Question subsidiaire : si les crédits croisés ne constituent pas une couverture

[109]   En raison de ma conclusion selon laquelle les crédits croisés constituaient une couverture pour protéger un investissement et que, par conséquent, le gain provenant de la résiliation des crédits croisés est un gain en capital, il n’est pas nécessaire d’examiner la troisième question soulevée par les parties, c’est‑à‑dire celle de savoir si le produit doit être considéré comme un gain en capital ou un revenu, peu importe si les crédits croisés constituaient ou non une couverture.

Décision

[110]   Par les motifs qui précèdent, l’appel est accueilli avec dépens en faveur de l’appelante.

Signée à Ottawa, Canada, ce 19e jour de février 2015.

« Lucie Lamarre »

Juge en chef adjointe Lamarre

Traduction certifiée conforme

ce 2e jour d’octobre 2015.

François Brunet, réviseur


Référence :

2015 CCI 42

No dU dossier de la Cour :

2011-3489(IT)G

Intitulé :

George Weston LimitÉe c. Sa Majesté la Reine

Lieu de l’audience :

Toronto (Ontario)

DATES DE L’AUDIENCE :

Les 18, 19, 20 et 21 août 2014

Motifs du jugement :

L’honorable juge en chef adjointe Lucie Lamarre

DATE DU JUGEMENT :

Le 19 février 2015

Comparutions :

Avocats de l’appelante :

Me Salvatore Mirandola

Me Patrick Lindsay

Avocates de l’intimée :

Me Elizabeth Chasson 

Me Alexandra Humphrey

Avocats inscrits au dossier :

Pour l’appelante :

Nom :

Salvatore Mirandola

Patrick Lindsay

 

Cabinet :

Borden Ladner Gervais S.E.N.C.R.L., s.r.l.

Pour l’intimée :

William F. Pentney

Sous‑procureur général du Canada

Ottawa, Canada

 


[traduction]

2011-3489(IT)G

cour canadienne de l’impôt

e n t r e :

GEORGE wESTON LIMITÉE

appelante,

et

Sa Majesté la reine

intimée.

Exposé conjoint partiel des faits

Les parties conviennent de ce qui suit uniquement aux fins de la présente instance :

L’identification de l’appelante et de certaines filiales

1.         L’appelante (« GWL ») est une société constituée sous le régime des lois du Canada. Le siège social de GWL est situé à Toronto.

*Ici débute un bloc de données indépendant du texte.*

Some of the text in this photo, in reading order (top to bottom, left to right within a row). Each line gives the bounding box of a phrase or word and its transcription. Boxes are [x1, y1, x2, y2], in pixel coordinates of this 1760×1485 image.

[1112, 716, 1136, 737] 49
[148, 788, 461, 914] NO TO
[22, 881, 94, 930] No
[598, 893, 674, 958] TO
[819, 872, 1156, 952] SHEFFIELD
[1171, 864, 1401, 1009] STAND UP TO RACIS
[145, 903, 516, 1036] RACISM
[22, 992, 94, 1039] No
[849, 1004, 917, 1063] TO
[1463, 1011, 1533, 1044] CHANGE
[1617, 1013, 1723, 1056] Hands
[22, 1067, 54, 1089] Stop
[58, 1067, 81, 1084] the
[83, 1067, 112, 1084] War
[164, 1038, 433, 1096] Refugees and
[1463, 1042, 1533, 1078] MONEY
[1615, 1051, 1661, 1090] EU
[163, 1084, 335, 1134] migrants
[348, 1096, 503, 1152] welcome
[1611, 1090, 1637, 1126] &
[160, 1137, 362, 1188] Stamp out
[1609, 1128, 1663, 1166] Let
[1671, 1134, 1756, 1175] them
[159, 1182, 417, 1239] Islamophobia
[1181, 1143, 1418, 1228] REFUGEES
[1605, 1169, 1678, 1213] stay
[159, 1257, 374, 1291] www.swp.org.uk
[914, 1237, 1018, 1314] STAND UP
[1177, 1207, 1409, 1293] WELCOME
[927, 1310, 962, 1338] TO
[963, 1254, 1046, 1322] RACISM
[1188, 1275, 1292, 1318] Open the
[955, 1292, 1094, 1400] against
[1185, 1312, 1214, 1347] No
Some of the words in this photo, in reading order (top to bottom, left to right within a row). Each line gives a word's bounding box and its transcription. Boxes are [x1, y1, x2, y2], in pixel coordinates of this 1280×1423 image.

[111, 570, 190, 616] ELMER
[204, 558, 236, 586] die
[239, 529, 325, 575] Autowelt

2.         Pendant la période pertinente, les actions ordinaires et les actions privilégiées de GWL étaient cotées et négociées à la Bourse de Toronto.

3.         Pendant la période pertinente, GWL était la société de portefeuille mère de filiales au Canada, aux États-Unis (« É.-U. »), à Gibraltar, en Hongrie, au Luxembourg et aux Pays‑Bas.

4.         Pendant la période pertinente, les filiales de l’appelante incluaient deux filiales directes canadiennes en propriété exclusive : Weston Foods Inc. (« WFI Canada ») et Megargy Holdings Inc. (« Megargy Holdings »).

5.         Au 30 juillet 2001 :

a)         Weston Foods, Inc. (« WFI US »), une société américaine, possédait des filiales directes en propriété exclusive qui exploitaient des entreprises dans le domaine des produits de boulangerie, des produits laitiers et des produits de la mer aux États-Unis;

b)         les actions de WFI US étaient détenues par une société luxembourgeoise, Dunedin Holdings Sàrl (« Dunedin Holdings »);

c)         les actions de Dunedin Holdings étaient détenues par une société gibraltarienne, Dicoa Holdings Limited (« Dicoa »);

d)         les actions de Dicoa étaient détenues par une société néerlandaise, Dicoa BV, WFI Canada et GWL.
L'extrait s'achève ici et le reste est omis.